(And what the hell is a bushel?*)
Dear me. Look at the dust in this place . I can’t remember how long ago I first encountered the term ‘cobwebsite’ but I rather think it fits this one. Time to take down the old yellowing posters and nail up some fresh ones… Crusher was up for an 2013 Edgar award in New York, need to bang the drum about that. (It didn’t actually win, but that minor detail can go in the small print.) And what about a link to Kebabbed, that jolly short story I did at Christmas for Random House’s Dead Good series? Let’s stick that up somewhere. In the spirit of ecological soundness I could recycle some of the newspaper articles I wrote last year about living with a famous author (who isn’t me.) As for that movie I scripted… maybe we should wait till it looks like coming out before we boast about it.
My last blog post, Social Notworking, was a rant about how writers today are expected to market themselves by tweeting about their work and endlessly updating their Facebook status. I do tweet (as @Noghar) but more about my dog than my work; I believe a novel should speak for itself. Novels, like movies, rely on the conceit that they are real. The reader lets himself or herself believe the story the author is telling you actually happened; movie watchers let themselves believe the handsome couple robbing a bank onscreen aren’t really being filmed by a massive team of technicians just out of sight. Talking too much about a work before the audience has seen it is the equivalent of screening a behind-the-scenes featurette before the movie’s even been released; it dissipates the thrill and spoils the illusion.
That said, it is a busy and competitive market out there, and it’s all very well being pure in motive and above the demeaning bustle of mere commerce; but a novelist without an audience isn’t a novelist, merely a person with a self-indulgent hobby. If you don’t love your story and want it to be widely read you shouldn’t have let it get published, and if you do, you mustn’t be shy about saying so, to as many people as possible. Especially if it helps those lovely people at your publishers get back some of the money they spent buying you dinner, getting you drunk and telling you how talented you are.
So, to bring everyone up to date, the paperback of Crusher is coming out in July 2013. It has a new cover, soon to be proudly displayed on the home page (Hoot! Where’s that new cover?) The Mystery Writers of America nominated it for an Edgar Award, which was a great honour (the prize went to Code Name Verity, a book I am extremely keen to read) and the International Thriller Writers organisation have also lined it up for an award, which sounds like a great excuse for a beano in New York.

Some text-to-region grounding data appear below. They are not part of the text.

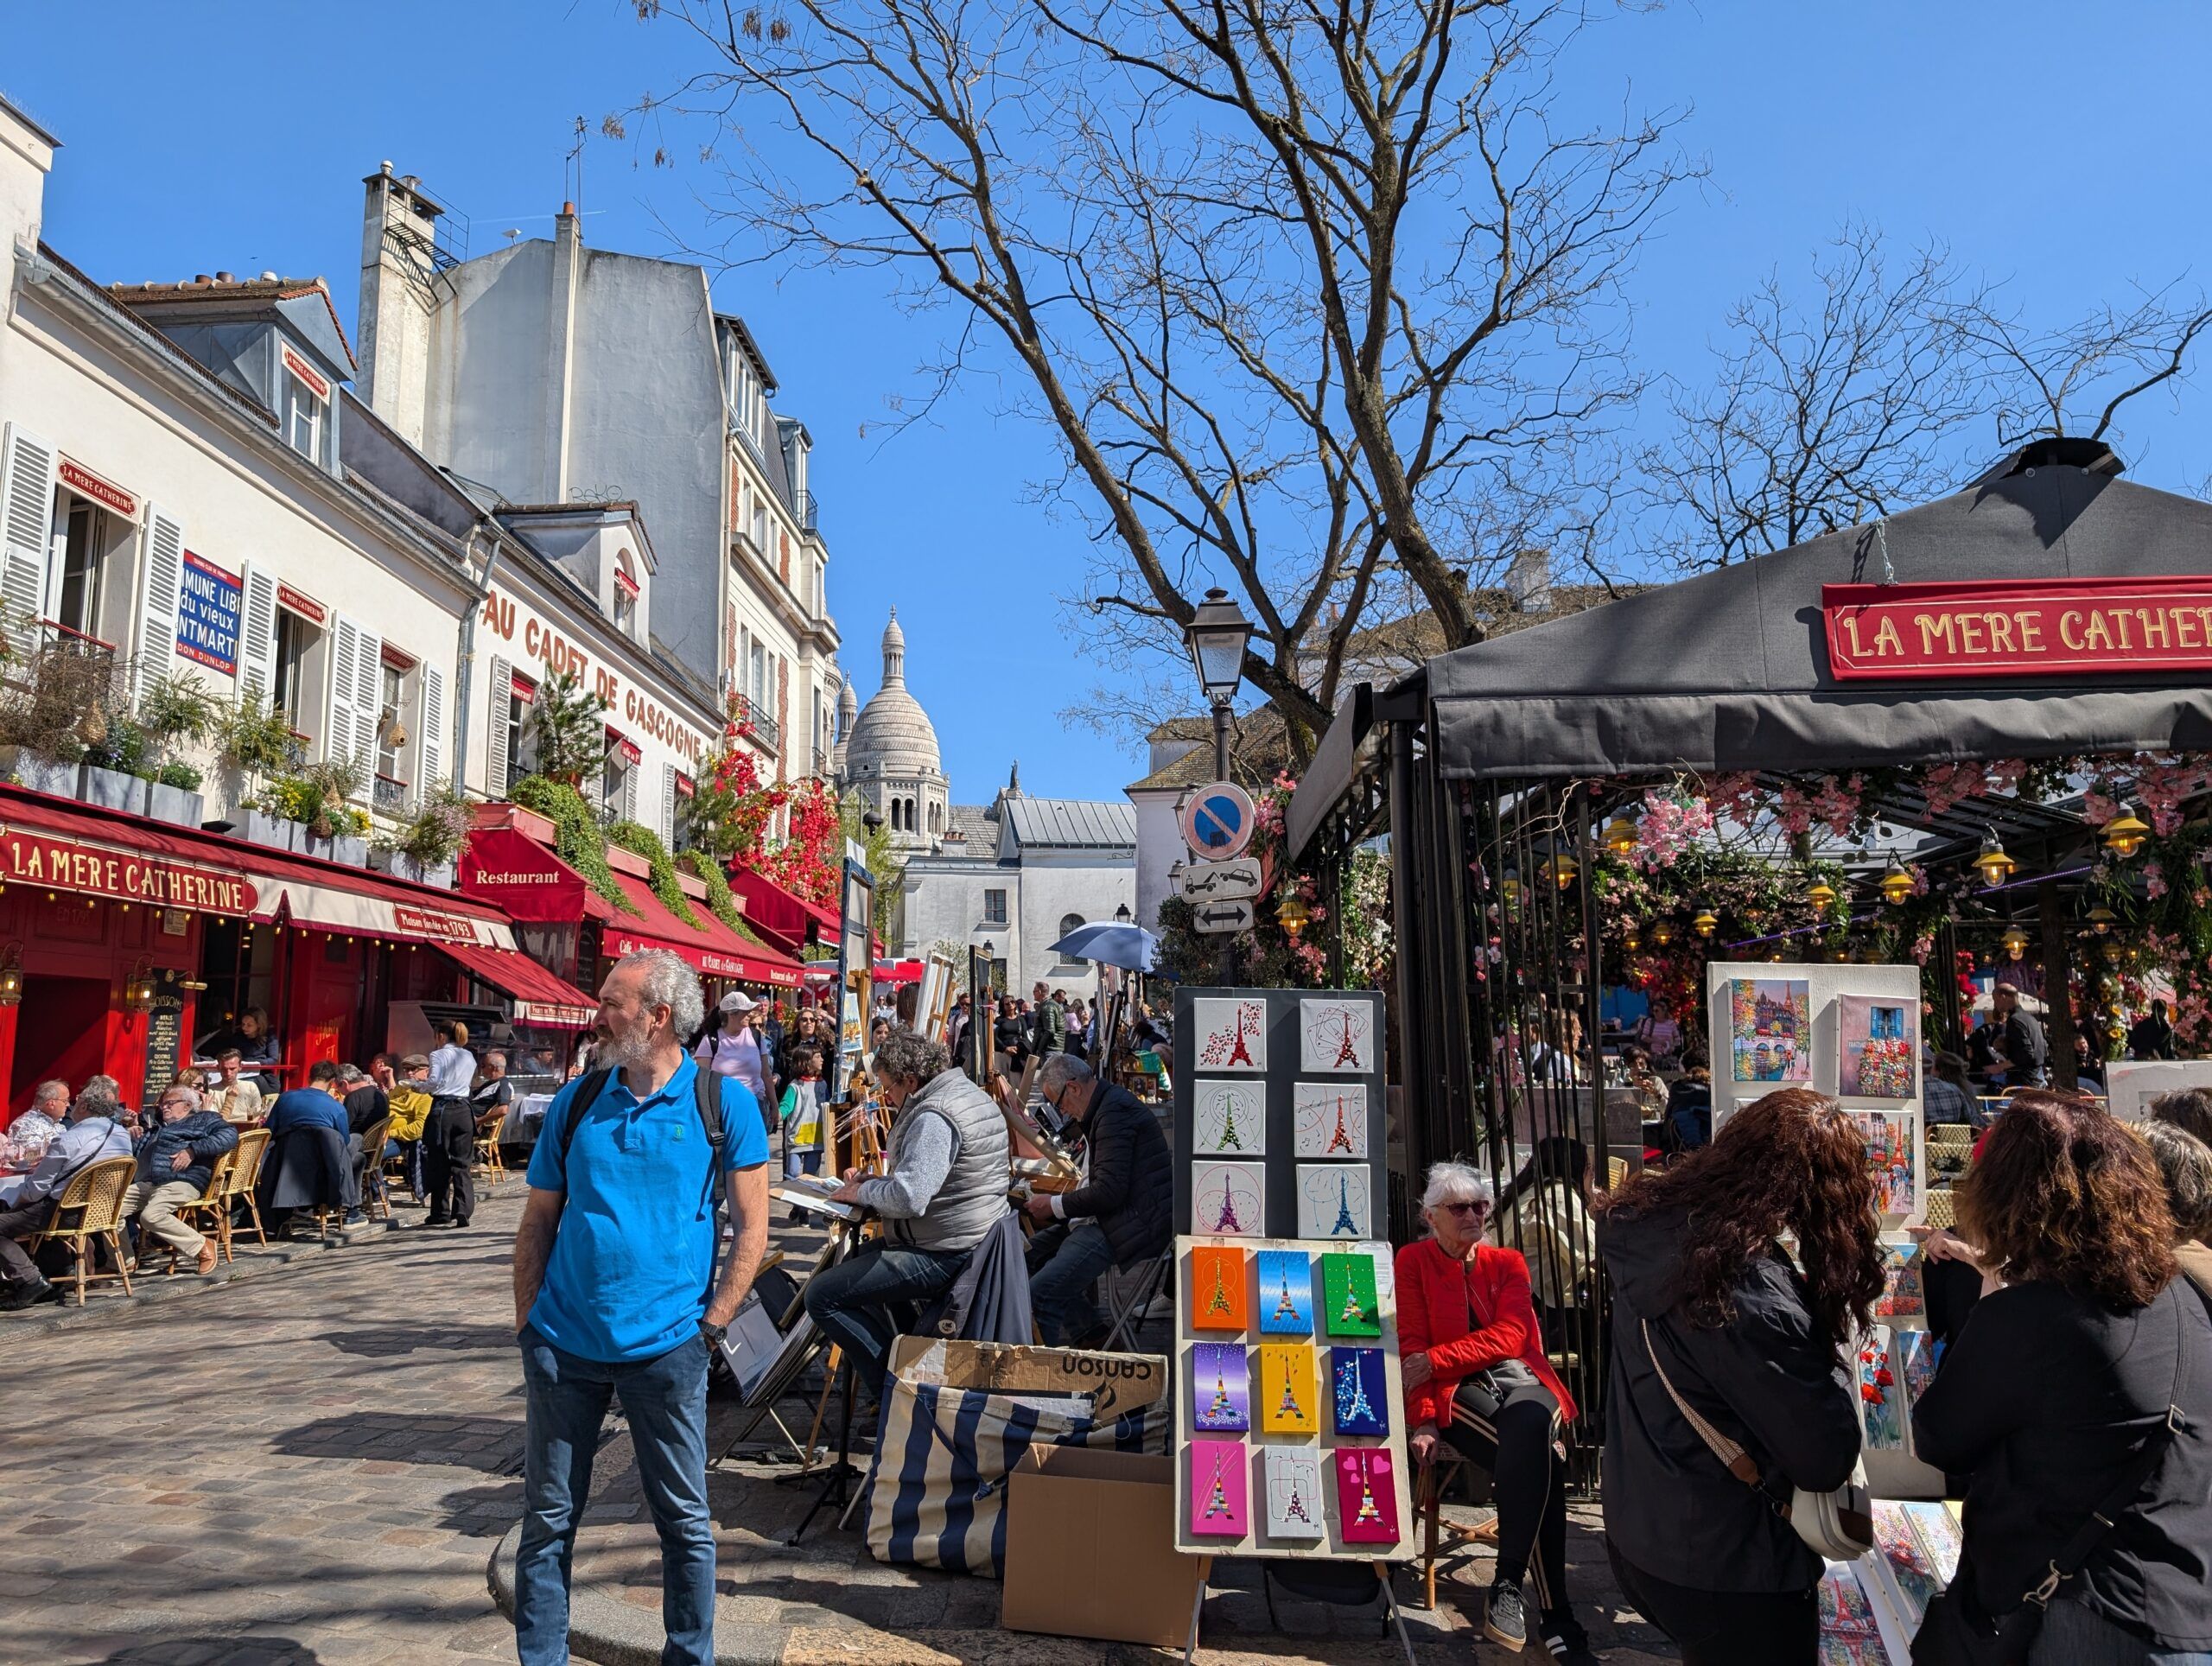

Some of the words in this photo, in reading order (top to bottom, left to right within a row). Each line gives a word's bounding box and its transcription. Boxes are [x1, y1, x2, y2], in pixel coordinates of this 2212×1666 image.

[63, 466, 73, 479] LA
[74, 472, 94, 491] MERE
[94, 484, 132, 512] CATHERINE
[180, 590, 196, 614] du
[200, 602, 234, 633] vieux
[1843, 614, 1905, 658] LA
[1914, 610, 2047, 655] MERE
[198, 652, 231, 671] DUNLOP
[482, 589, 516, 641] AU
[525, 618, 588, 690] CADET
[596, 667, 618, 711] DE
[626, 688, 702, 766] GASCOGNE
[12, 842, 44, 880] LA
[50, 849, 119, 892] MERE
[125, 863, 245, 911] CATHERINE
[475, 869, 560, 885] Restaurant
[400, 912, 423, 928] Maison
[449, 920, 471, 938] 1793
[620, 939, 632, 954] Café

The manuscript of Crusher Part Two – Incinerator – is with those aforementioned lovely publishing people at Random House, who as I write this are doubtless weeping over its countless typos and continuity errors. It should be appearing in bookshops towards the end of this year (unless the typos really are countless.)
Part Three is… in development. Watch this space. Just don’t stand over there, we’re going to be shifting furniture.
*A bushel is a bowl or a basket, depending on what translation you read. In the same way ‘thou shalt not kill’ has also been translated as ‘thou shalt not murder’, which some people consider a loophole. But that’s enough about Northern Ireland.